The answer is an exact repeat of the entries below, with the pictures omitted.

══ Source material ══

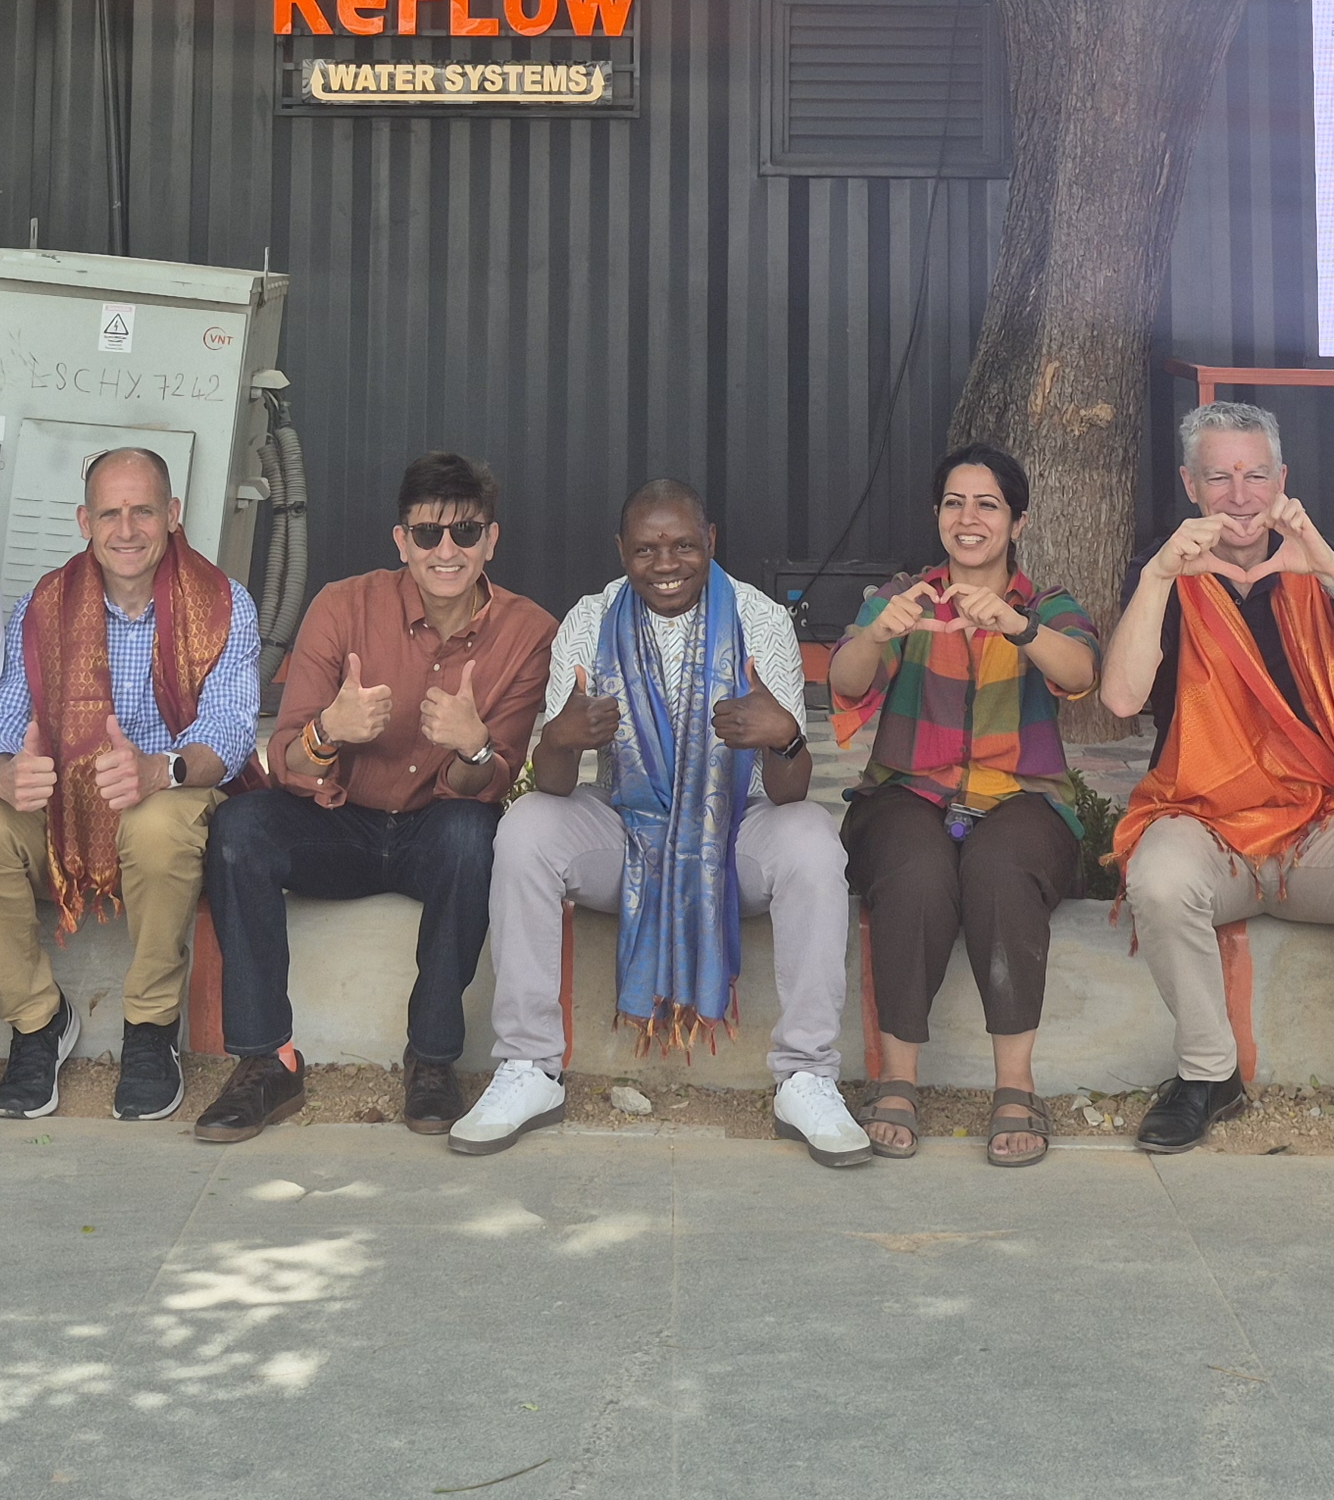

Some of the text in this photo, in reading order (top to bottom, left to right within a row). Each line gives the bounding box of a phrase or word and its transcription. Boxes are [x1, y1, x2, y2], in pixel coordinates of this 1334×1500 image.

[328, 63, 588, 92] WATER SYSTEMS
[210, 334, 234, 346] VNT
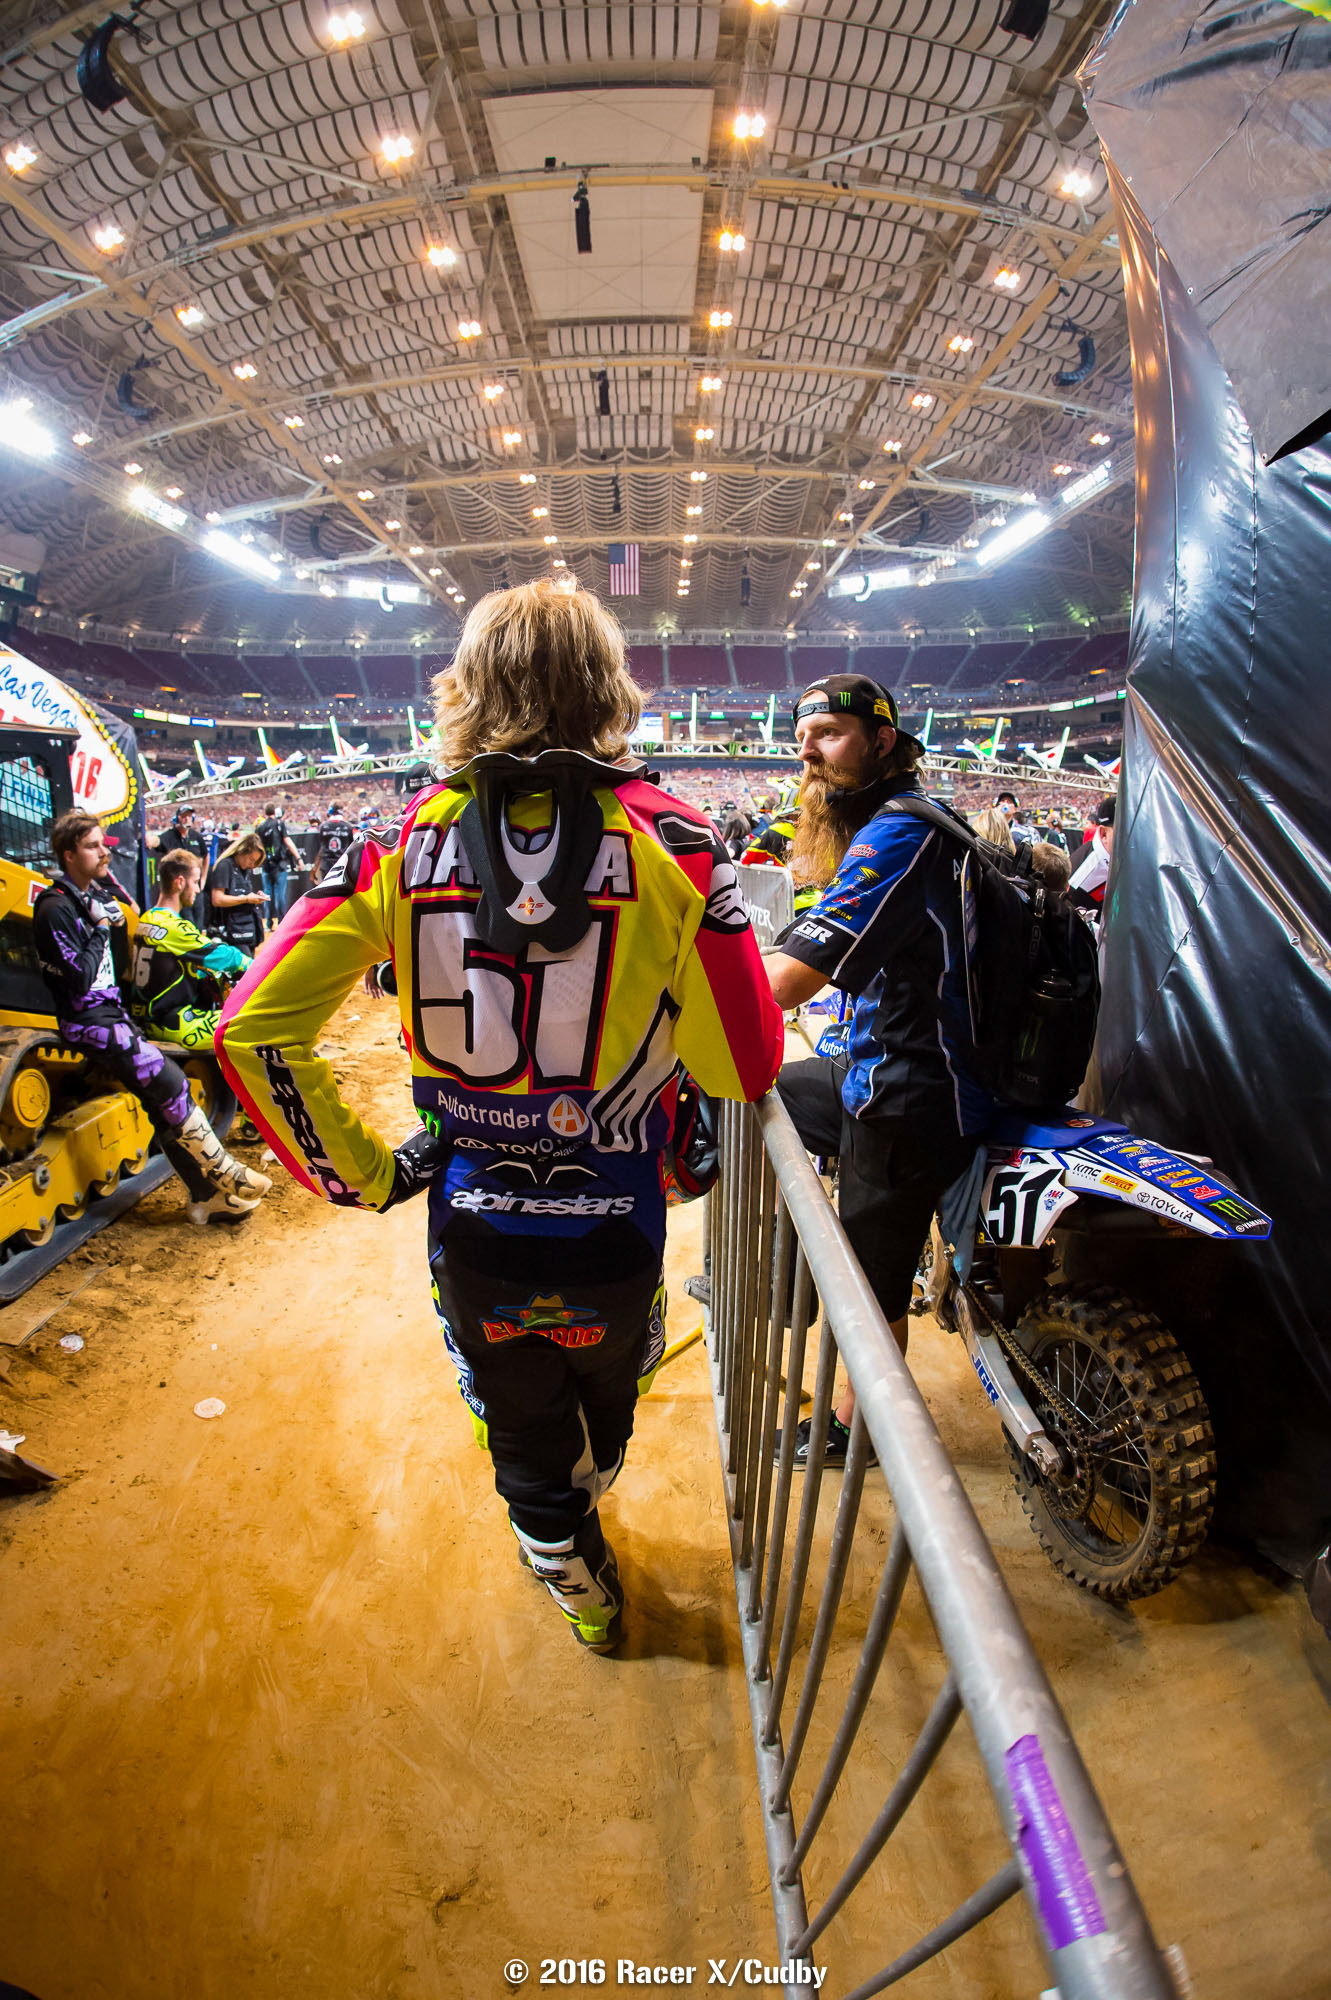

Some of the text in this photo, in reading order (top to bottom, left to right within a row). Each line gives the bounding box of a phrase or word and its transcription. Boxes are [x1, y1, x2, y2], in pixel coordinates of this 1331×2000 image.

[31, 681, 78, 728] Vegas
[402, 821, 638, 898] BAA
[412, 905, 620, 1092] 51
[438, 1090, 541, 1130] Autotrader
[496, 1138, 568, 1155] TOYO
[1073, 1163, 1101, 1177] KMC
[1104, 1175, 1134, 1191] PIRELLI
[450, 1188, 635, 1215] alpinestars
[988, 1168, 1063, 1246] 51
[1044, 1190, 1064, 1199] AMA
[971, 1352, 1000, 1407] JGR
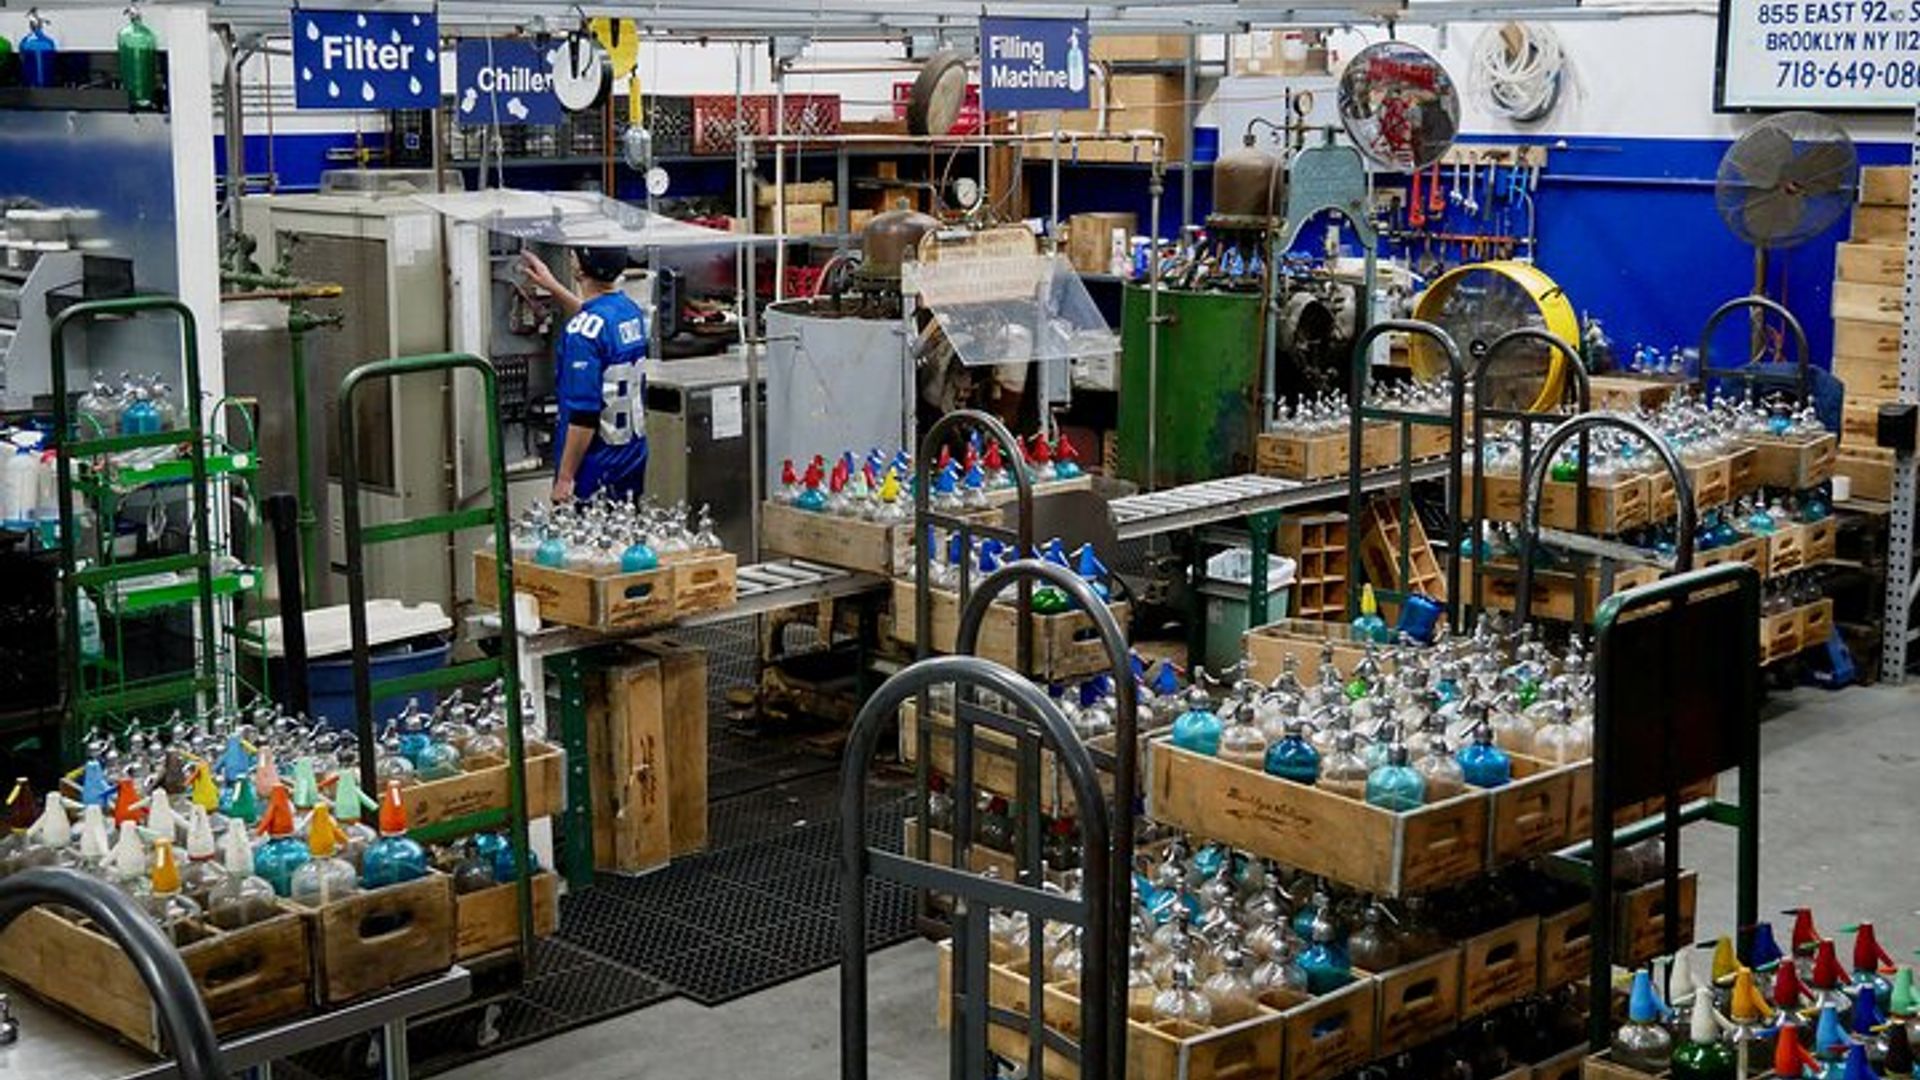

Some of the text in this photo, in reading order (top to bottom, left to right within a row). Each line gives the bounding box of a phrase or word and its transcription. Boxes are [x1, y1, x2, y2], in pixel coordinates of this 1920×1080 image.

═══

• **Answer to this task**:
Some of the text in this photo, in reading order (top to bottom, left to right within a row). Each line gives the bounding box of a phrase or word and its transcription. Boxes are [x1, y1, x2, y2], in pixel coordinates of this 1334×1500 image.

[328, 63, 588, 92] WATER SYSTEMS
[210, 334, 234, 346] VNT

Some of the text in this photo, in reading order (top to bottom, left to right within a row). Each line gives the bounding box of a phrase or word and its transcription. Boxes are [x1, y1, x2, y2], in pixel coordinates of this 1331×2000 image.

[31, 681, 78, 728] Vegas
[402, 821, 638, 898] BAA
[412, 905, 620, 1092] 51
[438, 1090, 541, 1130] Autotrader
[496, 1138, 568, 1155] TOYO
[1073, 1163, 1101, 1177] KMC
[1104, 1175, 1134, 1191] PIRELLI
[450, 1188, 635, 1215] alpinestars
[988, 1168, 1063, 1246] 51
[1044, 1190, 1064, 1199] AMA
[971, 1352, 1000, 1407] JGR

Some of the text in this photo, in reading order (top to bottom, left to right within a row). Each line gives the bounding box of a phrase or word and its transcription. Boxes are [x1, y1, x2, y2], in pixel coordinates of this 1920×1080 image.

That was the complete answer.